TO THE FULLEST EXTENT PERMITTED BY APPLICABLE LAW AND EXCEPT AS OTHERWISE SPECIFIED IN WRITING BY US, (A) THE SEC TOKENS ARE SOLD ON AN “AS IS” AND “AS AVAILABLE” BASIS, WITHOUT ANY WARRANTIES OR REPRESENTATIONS OF ANY KIND, AND WE EXPRESSLY DISCLAIM ALL IMPLIED WARRANTIES AS TO THE SEC TOKENS, INCLUDING, WITHOUT LIMITATION, IMPLIED WARRANTIES OF MERCHANTABILITY, FITNESS FOR A PARTICULAR PURPOSE, TITLE AND NONINFRINGEMENT; (B) WE DO NOT REPRESENT OR WARRANT THAT THE SEC TOKENS ARE RELIABLE, CURRENT OR ERROR-FREE, MEET YOUR REQUIREMENTS, OR THAT DEFECTS IN THE SEC TOKENS WILL BE CORRECTED; AND (C) WE CANNOT AND DO NOT REPRESENT OR WARRANT THAT THE SEC tokenS OR THE DELIVERY MECHANISM FOR SEC TOKENS ARE FREE OF VIRUSES OR OTHER HARMFUL COMPONENTS.
Limitation of Liability
TO THE FULLEST EXTENT PERMITTED BY APPLICABLE LAW: (I) IN NO EVENT WILL COMPANY OR ANY OF THE COMPANY PARTIES BE LIABLE FOR ANY DIRECT, INDIRECT, SPECIAL, INCIDENTAL, CONSEQUENTIAL, OR EXEMPLARY LOSS OF ANY KIND (INCLUDING, BUT NOT LIMITED TO, WHERE RELATED TO LOSS OF REVENUE, INCOME OR PROFITS, LOSS OF USE OR DATA, OR DAMAGES FOR BUSINESS INTERRUPTION) ARISING OUT OF OR IN ANY WAY RELATED TO THE SALE OR USE OF THE SEC TOKENS OR OTHERWISE RELATED TO THESE TERMS, REGARDLESS OF THE CAUSE OF ACTION, WHETHER BASED IN CONTRACT, TORT (INCLUDING, BUT NOT LIMITED TO, SIMPLE NEGLIGENCE, WHETHER ACTIVE, PASSIVE OR IMPUTED), OR ANY OTHER LEGAL OR EQUITABLE BASIS (EVEN IF THE COMPANY OR ANY OF THE COMPANY PARTIES HAVE BEEN ADVISED OF THE POSSIBILITY OF SUCH LOSSES AND REGARDLESS OF WHETHER SUCH LOSSES WERE FORESEEABLE); AND (II) IN NO EVENT WILL THE AGGREGATE LIABILITY OF COMPANY AND THE COMPANY PARTIES (JOINTLY), WHETHER IN CONTRACT, TORT (INCLUDING NEGLIGENCE, WHETHER ACTIVE, PASSIVE OR IMPUTED), OR OTHER LEGAL OR EQUITABLE BASIS, ARISING OUT OF OR RELATING TO THESE TERMS OR THE USE OF OR INABILITY TO USE THE SEC TOKENS, EXCEED THE AMOUNT YOU PAY TO US FOR THE SEC TOKENS.
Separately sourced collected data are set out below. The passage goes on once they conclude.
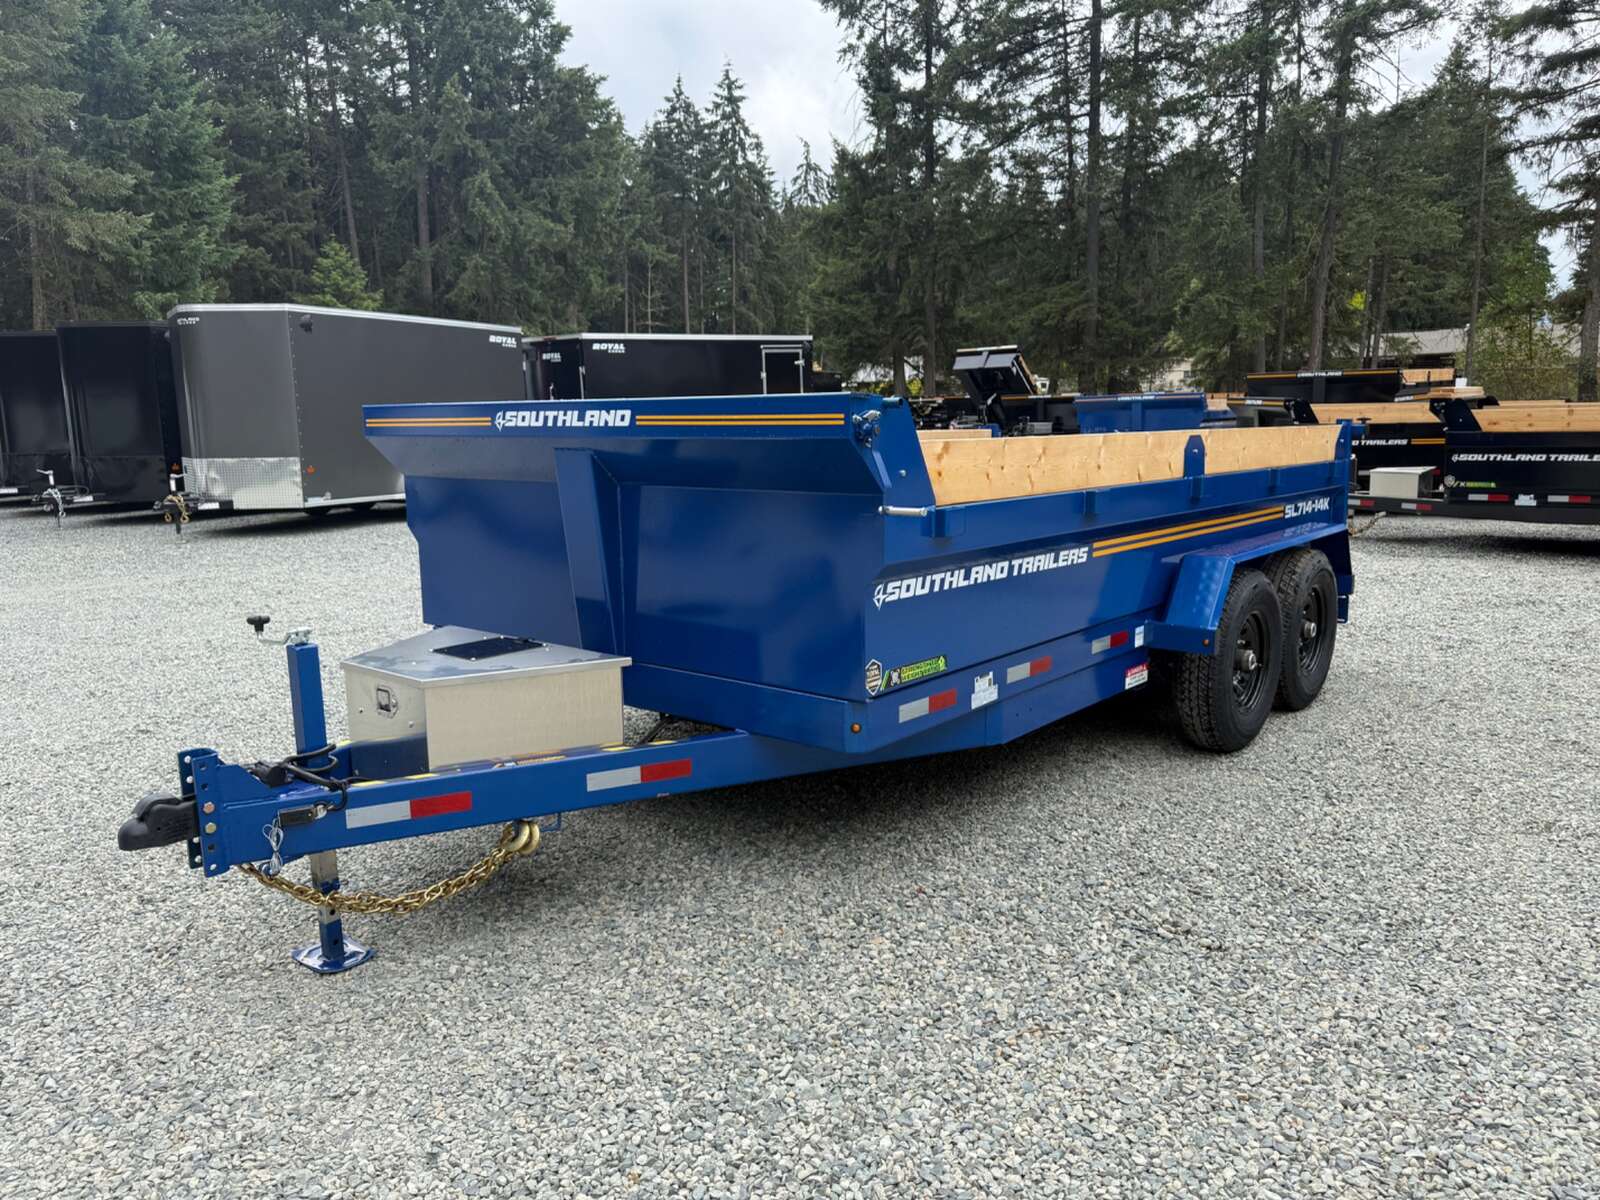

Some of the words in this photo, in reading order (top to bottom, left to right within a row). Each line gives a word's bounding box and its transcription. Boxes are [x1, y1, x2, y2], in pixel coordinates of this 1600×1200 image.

[489, 334, 517, 345] ROYAL
[592, 343, 625, 351] ROYAL
[504, 409, 632, 427] SOUTHLAND
[1460, 453, 1547, 461] SOUTHLAND
[1284, 497, 1330, 519] SL714-14K
[885, 560, 1010, 602] SOUTHLAND
[1011, 547, 1089, 576] TRAILERS
THE LIMITATIONS SET FORTH IN THIS SECTION 12 WILL NOT LIMIT OR EXCLUDE LIABILITY FOR THE GROSS NEGLIGENCE, FRAUD OR INTENTIONAL, WILLFUL OR RECKLESS MISCONDUCT OF COMPANY.
To the fullest extent permitted by applicable law, you release Company and the Company Parties from responsibility, liability, claims, demands and/or damages (actual and consequential) of every kind and nature, known and unknown (including, but not limited to, claims of negligence), arising out of or related to disputes between users and the acts or omissions of third parties. You expressly waive any rights you may have under any statute or common law principles that would otherwise limit the coverage of this release to include only those claims which you may know or suspect to exist in your favor at the time of agreeing to this release.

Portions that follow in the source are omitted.